St George & Sutherland Clinical School, UNSW Sydney, Kensington, NSW 2052, Australia.
Cancers (Basel). 2020 Dec 13;12(12):3749. doi: 10.3390/cancers12123749.
We aimed to determine the clinical significance of tumour stroma ratio (TSR) in luminal and triple negative breast cancer (TNBC) using digital image analysis and machine learning algorithms. Automated image analysis using QuPath software was applied to a cohort of 647 breast cancer patients (403 luminal and 244 TNBC) using digital H&E images of tissue microarrays (TMAs). Kaplan-Meier and Cox proportional hazards were used to ascertain relationships with overall survival (OS) and breast cancer specific survival (BCSS). For TNBC, low TSR (high stroma) was associated with poor prognosis for both OS (HR 1.9, CI 1.1-3.3, = 0.021) and BCSS (HR 2.6, HR 1.3-5.4, = 0.007) in multivariate models, independent of age, size, grade, sTILs, lymph nodal status and chemotherapy. However, for luminal tumours, low TSR (high stroma) was associated with a favourable prognosis in MVA for OS (HR 0.6, CI 0.4-0.8, = 0.001) but not for BCSS. TSR is a prognostic factor of most significance in TNBC, but also in luminal breast cancer, and can be reliably assessed using quantitative image analysis of TMAs. Further investigation into the contribution of tumour subtype stromal phenotype may further refine these findings.

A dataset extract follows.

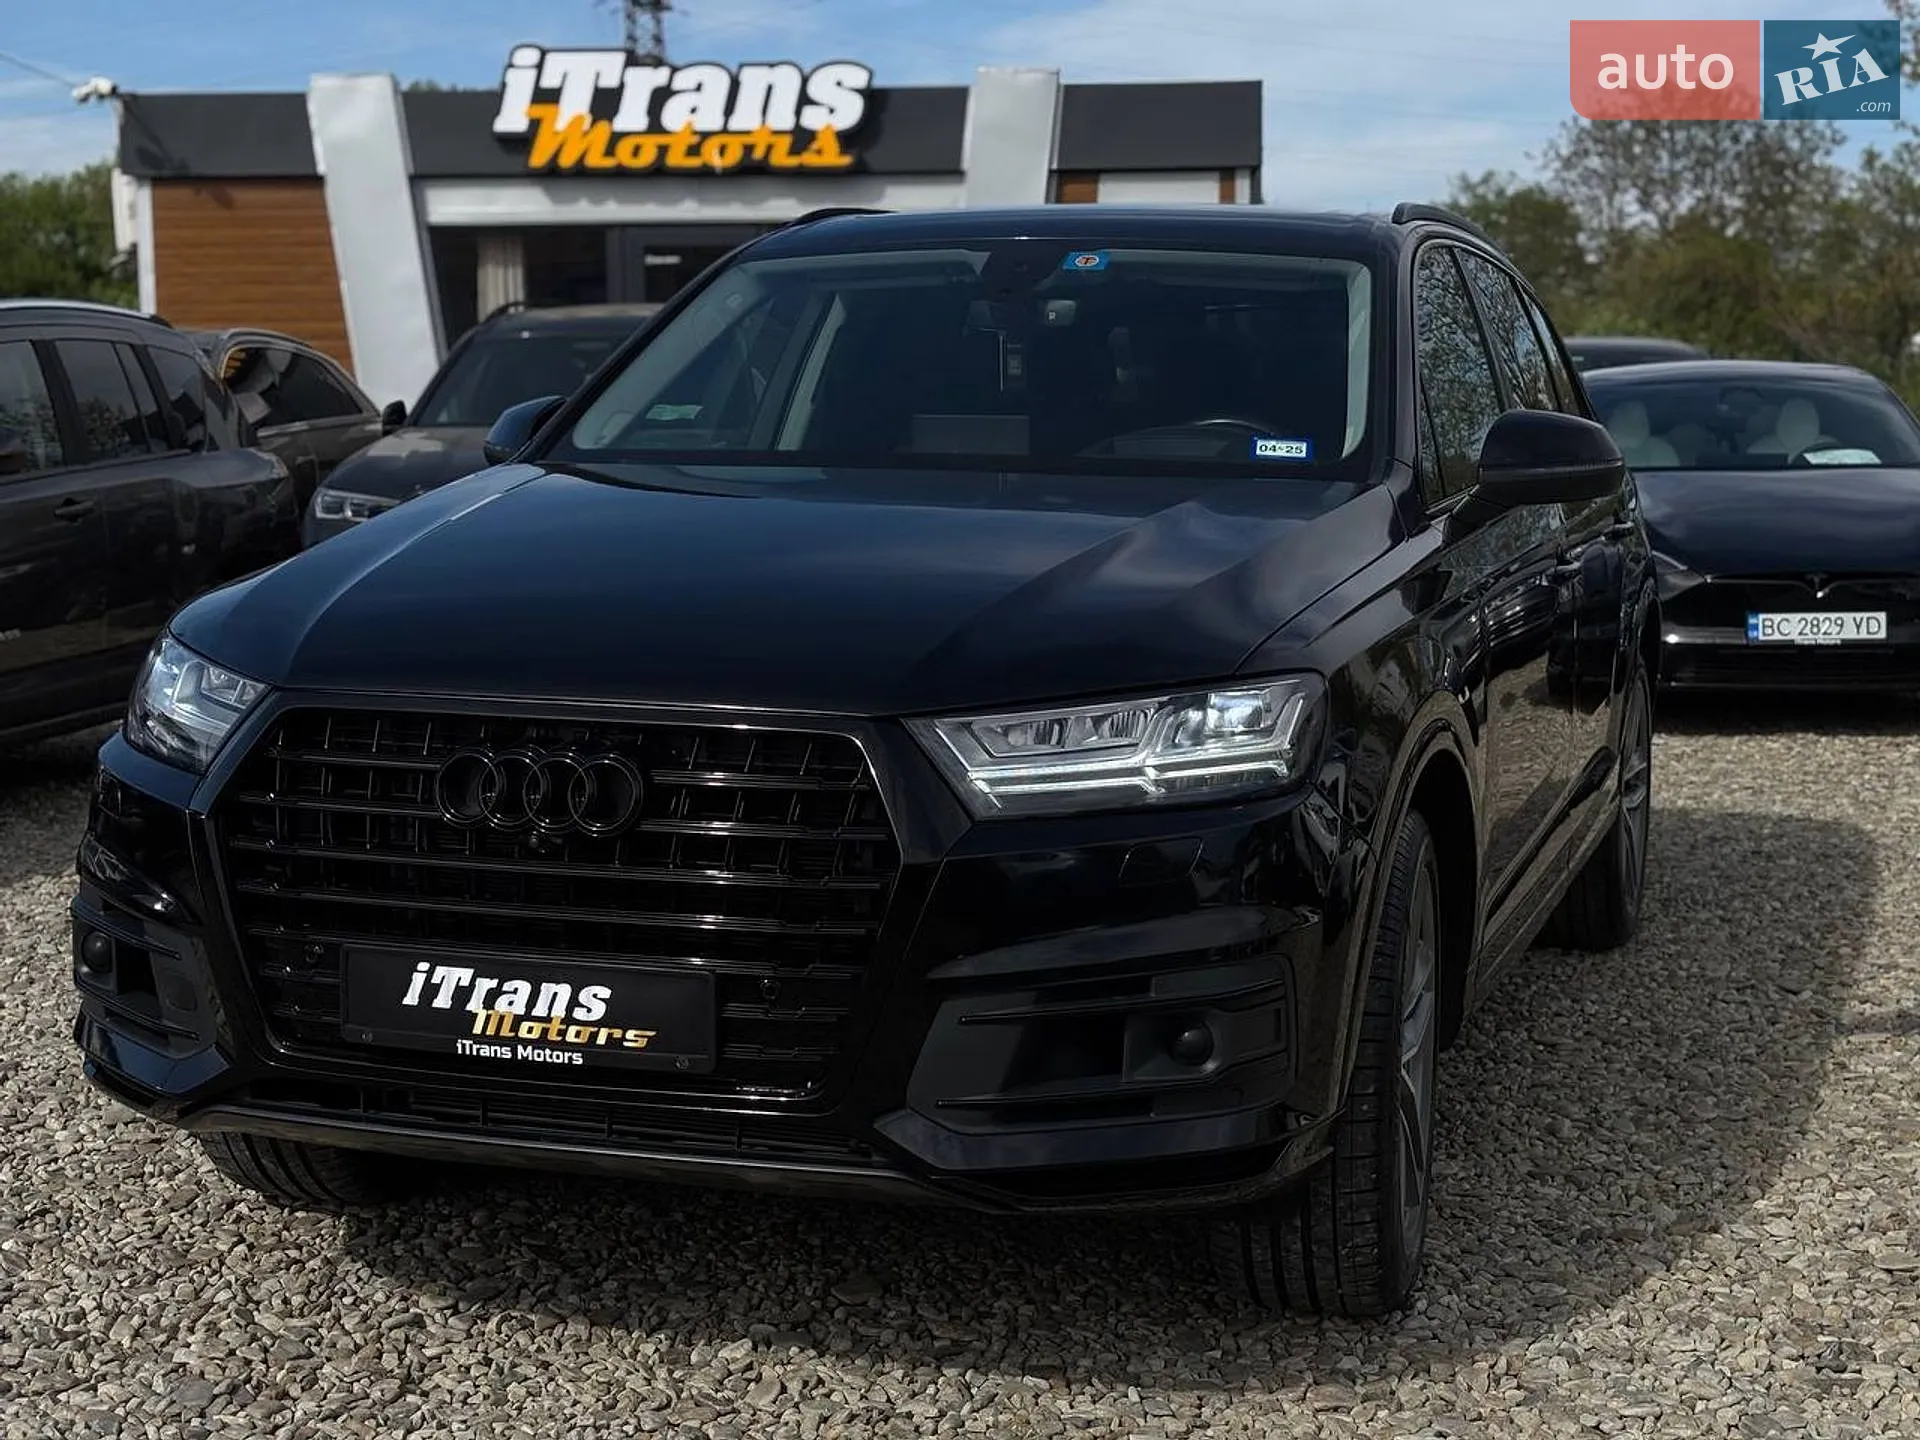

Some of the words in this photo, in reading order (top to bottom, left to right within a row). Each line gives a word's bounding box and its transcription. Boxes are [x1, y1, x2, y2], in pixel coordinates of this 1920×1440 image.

我们旨在通过数字图像分析和机器学习算法来确定肿瘤基质比率(TSR)在管腔型和三阴性乳腺癌(TNBC)中的临床意义。使用QuPath软件进行自动图像分析,将其应用于一组647例乳腺癌患者(403例管腔型和244例TNBC),使用组织微阵列(TMA)的数字苏木精和伊红(H&E)图像。采用Kaplan-Meier法和Cox比例风险模型来确定与总生存期(OS)和乳腺癌特异性生存期(BCSS)的关系。对于TNBC,在多变量模型中,低TSR(高基质)与OS(风险比[HR] 1.9,置信区间[CI] 1.1 - 3.3,P = 0.021)和BCSS(HR 2.6,HR 1.3 - 5.4,P = 0.007)的不良预后相关,独立于年龄、大小、分级、肿瘤浸润淋巴细胞(sTILs)、淋巴结状态和化疗。然而,对于管腔型肿瘤,低TSR(高基质)在多变量分析中与OS的良好预后相关(HR 0.6,CI 0.4 - 0.8,P = 0.001),但与BCSS无关。TSR是TNBC中最重要的预后因素,但在管腔型乳腺癌中也是如此,并且可以通过对TMA进行定量图像分析来可靠地评估。对肿瘤亚型基质表型贡献的进一步研究可能会进一步完善这些发现。